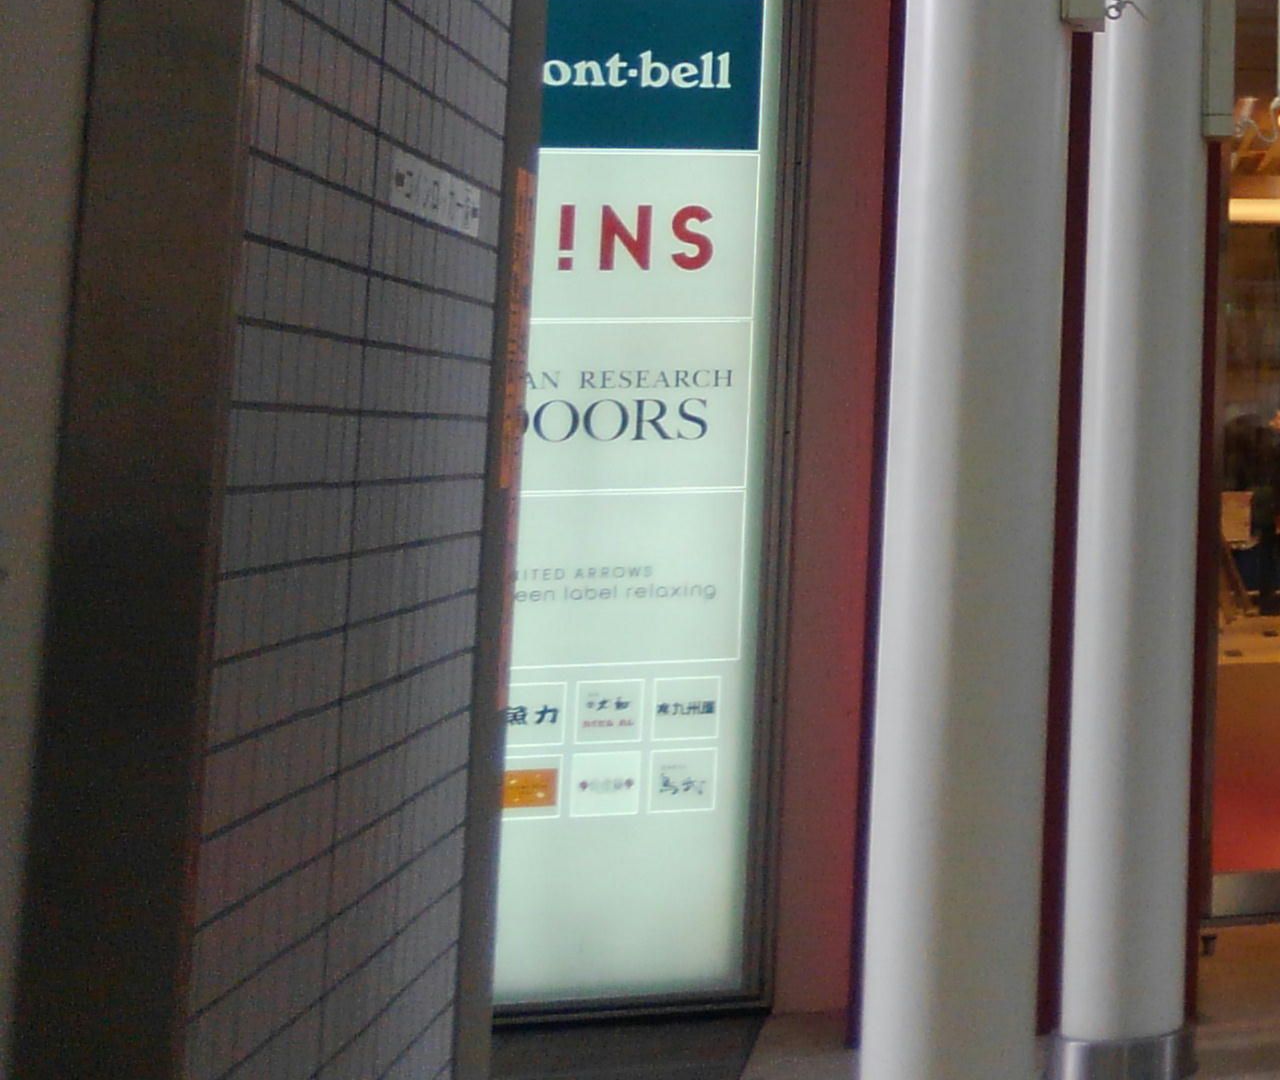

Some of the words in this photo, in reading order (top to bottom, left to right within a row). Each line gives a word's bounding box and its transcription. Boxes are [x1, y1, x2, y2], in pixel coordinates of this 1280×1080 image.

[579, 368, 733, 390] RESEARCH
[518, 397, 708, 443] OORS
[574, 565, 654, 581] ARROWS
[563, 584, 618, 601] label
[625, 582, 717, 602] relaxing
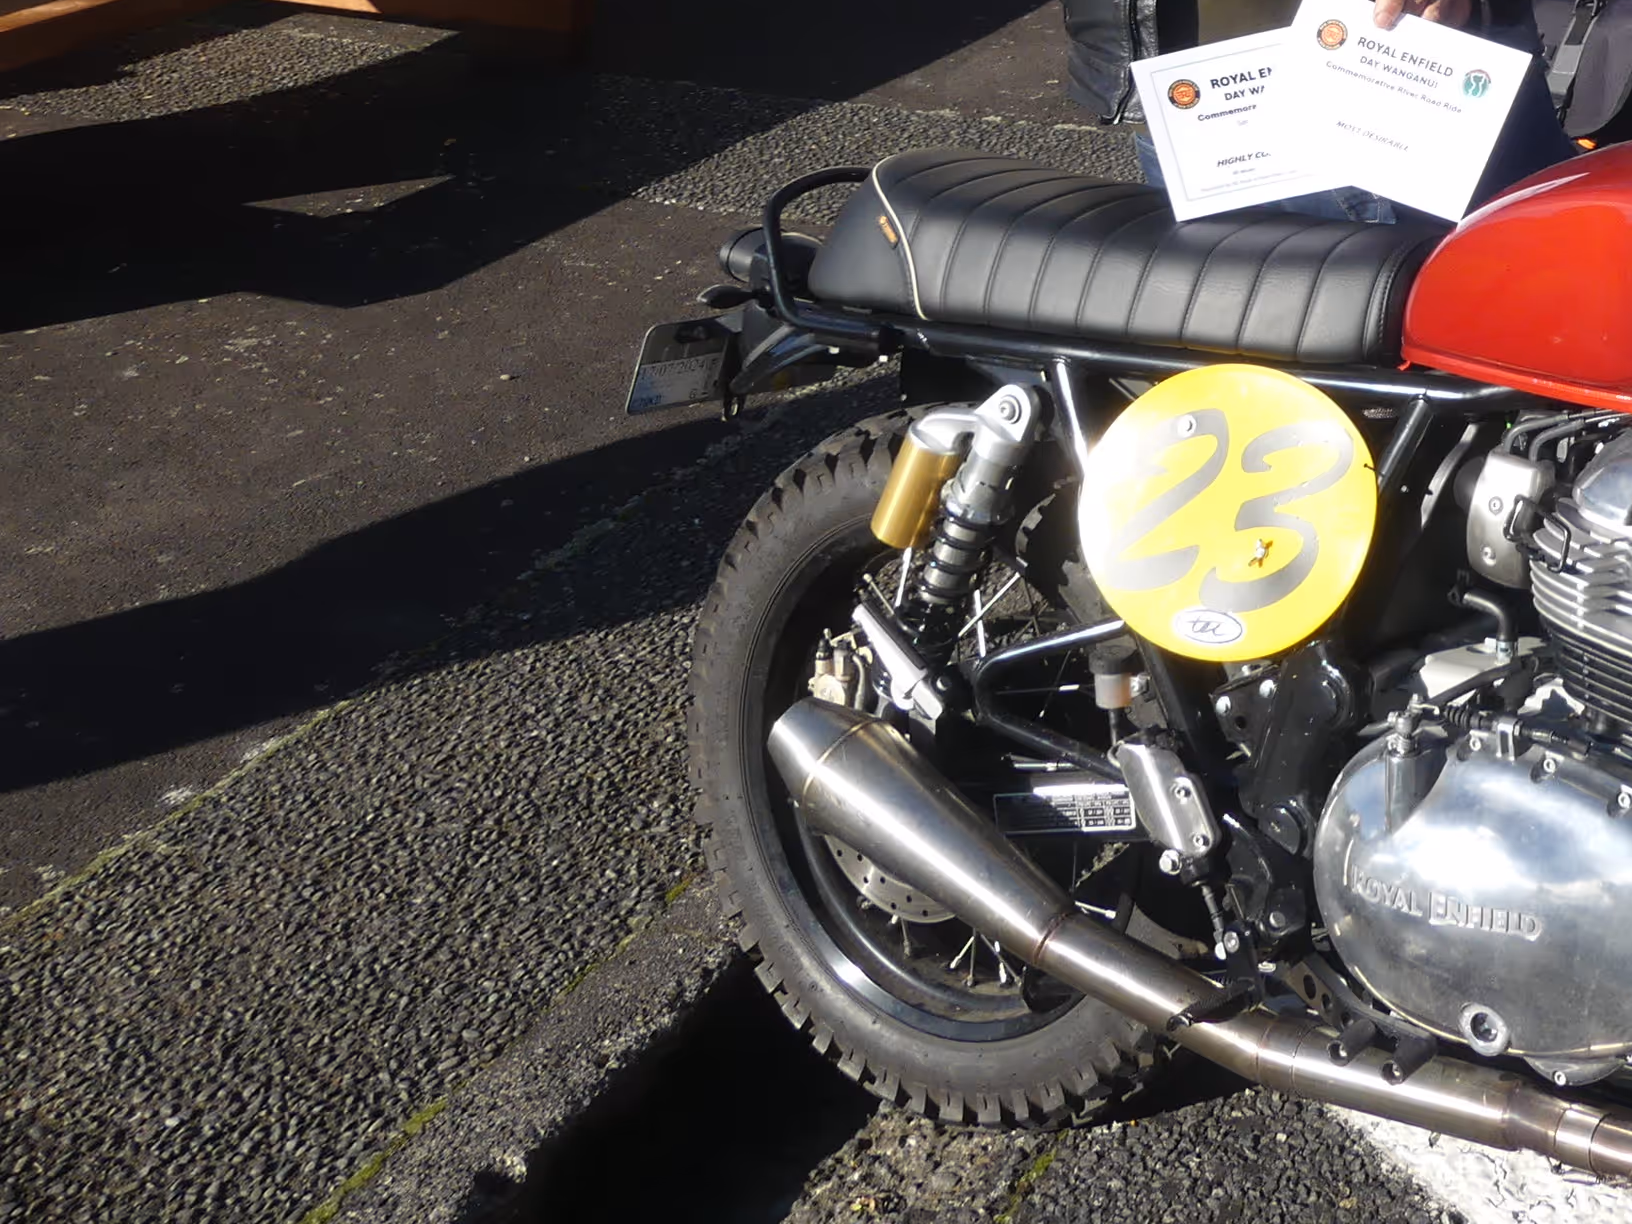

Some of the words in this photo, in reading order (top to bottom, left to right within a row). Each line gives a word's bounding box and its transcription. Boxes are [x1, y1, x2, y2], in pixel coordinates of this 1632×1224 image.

========

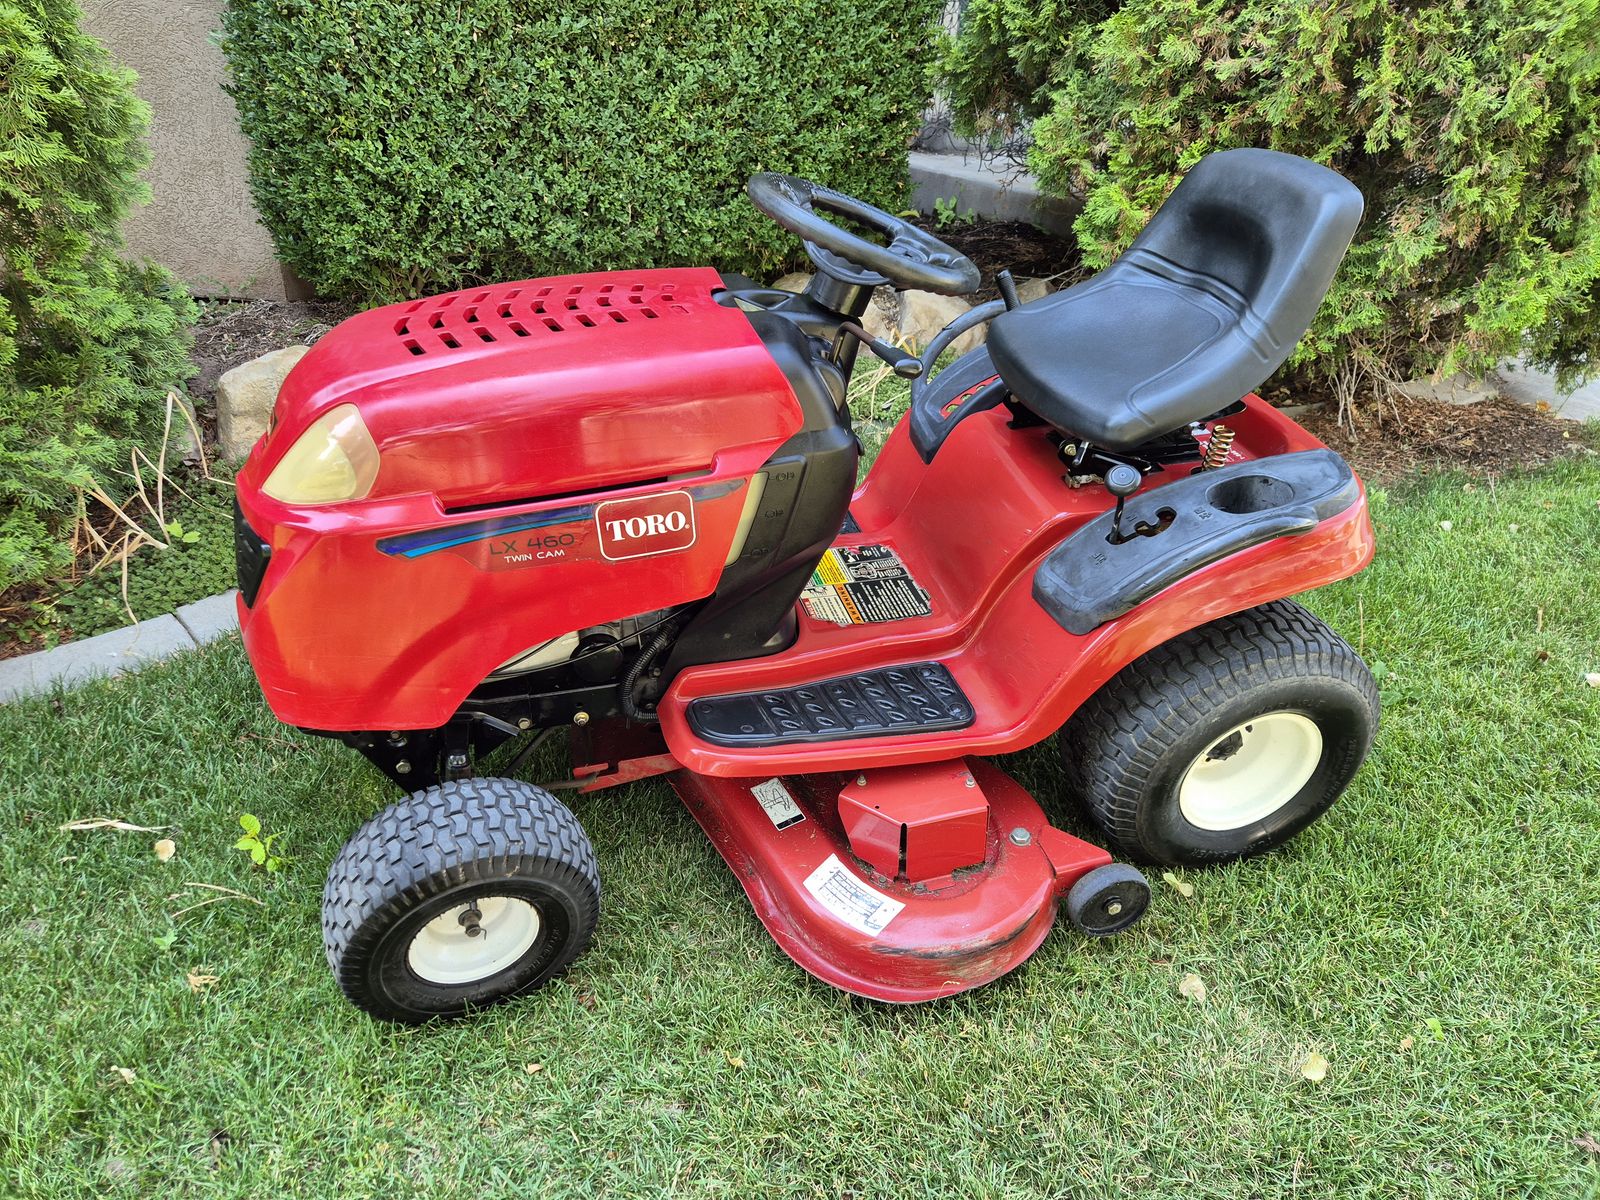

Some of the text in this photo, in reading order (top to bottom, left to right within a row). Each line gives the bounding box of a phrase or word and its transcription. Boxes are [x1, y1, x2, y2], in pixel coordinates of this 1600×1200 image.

========

> [TRY IT]: Take the material above from the line containing "this 1280×1080 image." up to and including the line containing "this 1632×1224 image." and retype it exactly, without any pictures.

> [ANSWER AREA]:
Some of the words in this photo, in reading order (top to bottom, left to right within a row). Each line gives a word's bounding box and its transcription. Boxes are [x1, y1, x2, y2], in pixel coordinates of this 1280×1080 image.

[579, 368, 733, 390] RESEARCH
[518, 397, 708, 443] OORS
[574, 565, 654, 581] ARROWS
[563, 584, 618, 601] label
[625, 582, 717, 602] relaxing

Some of the words in this photo, in reading order (top to bottom, left to right within a row). Each line gives a word's bounding box and its transcription. Boxes are [x1, y1, x2, y2], in pixel coordinates of this 1632×1224 image.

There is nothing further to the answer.